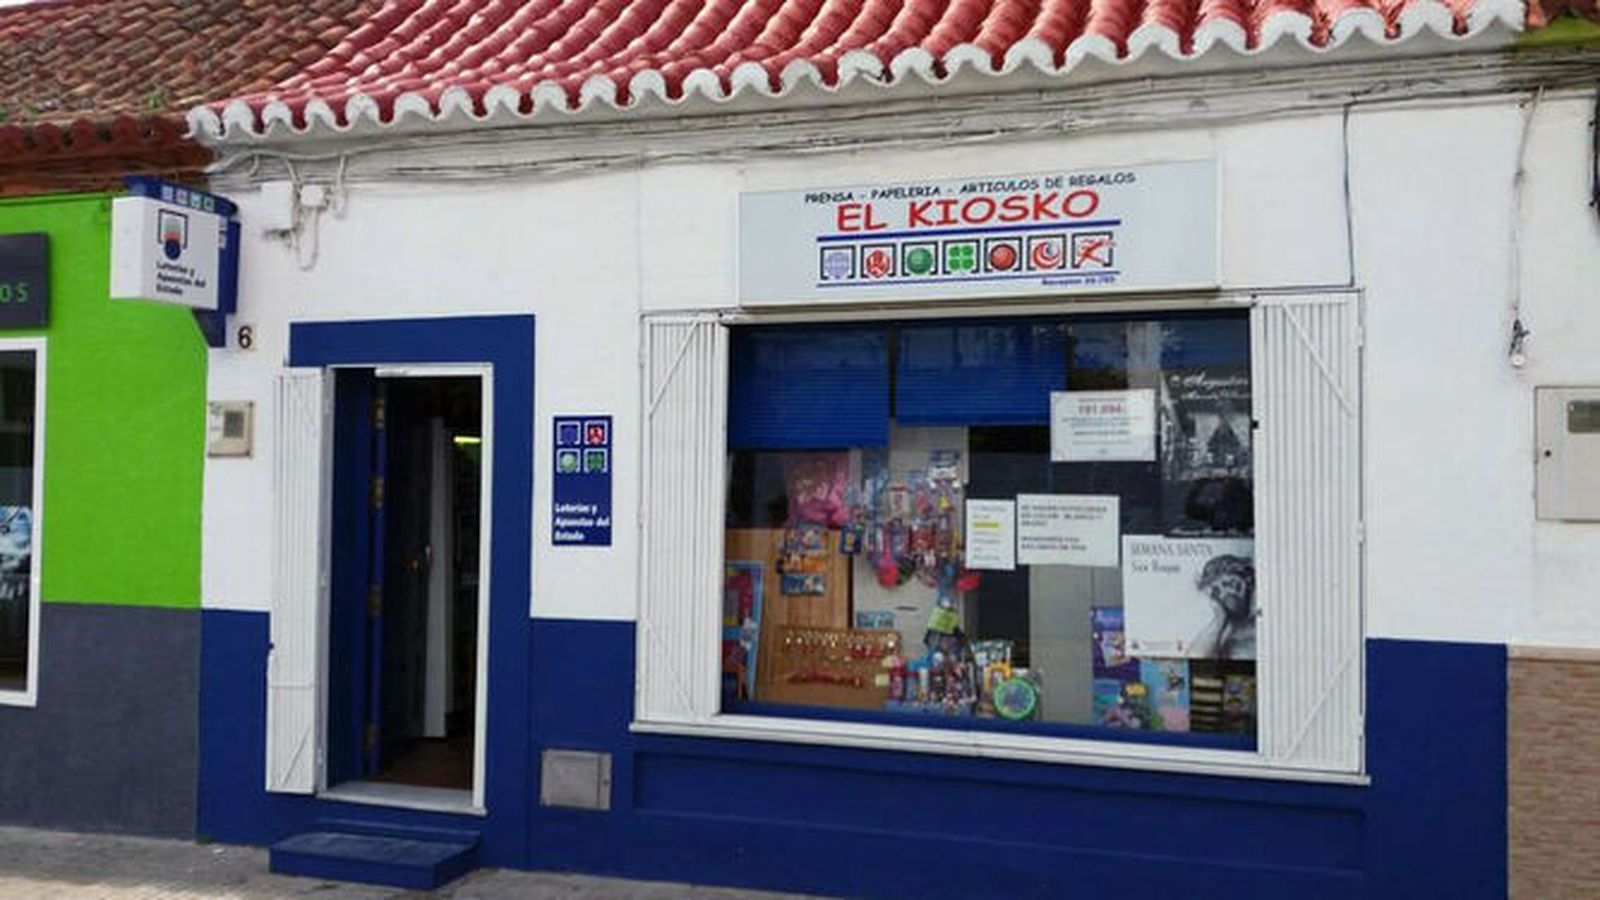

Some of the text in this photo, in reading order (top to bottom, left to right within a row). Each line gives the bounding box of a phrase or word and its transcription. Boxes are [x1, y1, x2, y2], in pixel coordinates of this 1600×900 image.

[804, 191, 854, 204] PRENSA
[871, 186, 941, 200] PAPELERIA
[959, 179, 1040, 194] ARTICULOS
[1045, 175, 1063, 188] DE
[1069, 171, 1136, 187] REGALOS
[837, 188, 1099, 231] EL KIOSKO
[237, 325, 253, 349] 6
——
Directions: Leave the pictures out, and transcribe each of the records exactly.

Solution:
Some of the text in this photo, in reading order (top to bottom, left to right within a row). Each line gives the bounding box of a phrase or word and its transcription. Boxes are [x1, y1, x2, y2], in pixel coordinates of this 1600×900 image.

[804, 191, 854, 204] PRENSA
[871, 186, 941, 200] PAPELERIA
[959, 179, 1040, 194] ARTICULOS
[1045, 175, 1063, 188] DE
[1069, 171, 1136, 187] REGALOS
[837, 188, 1099, 231] EL KIOSKO
[237, 325, 253, 349] 6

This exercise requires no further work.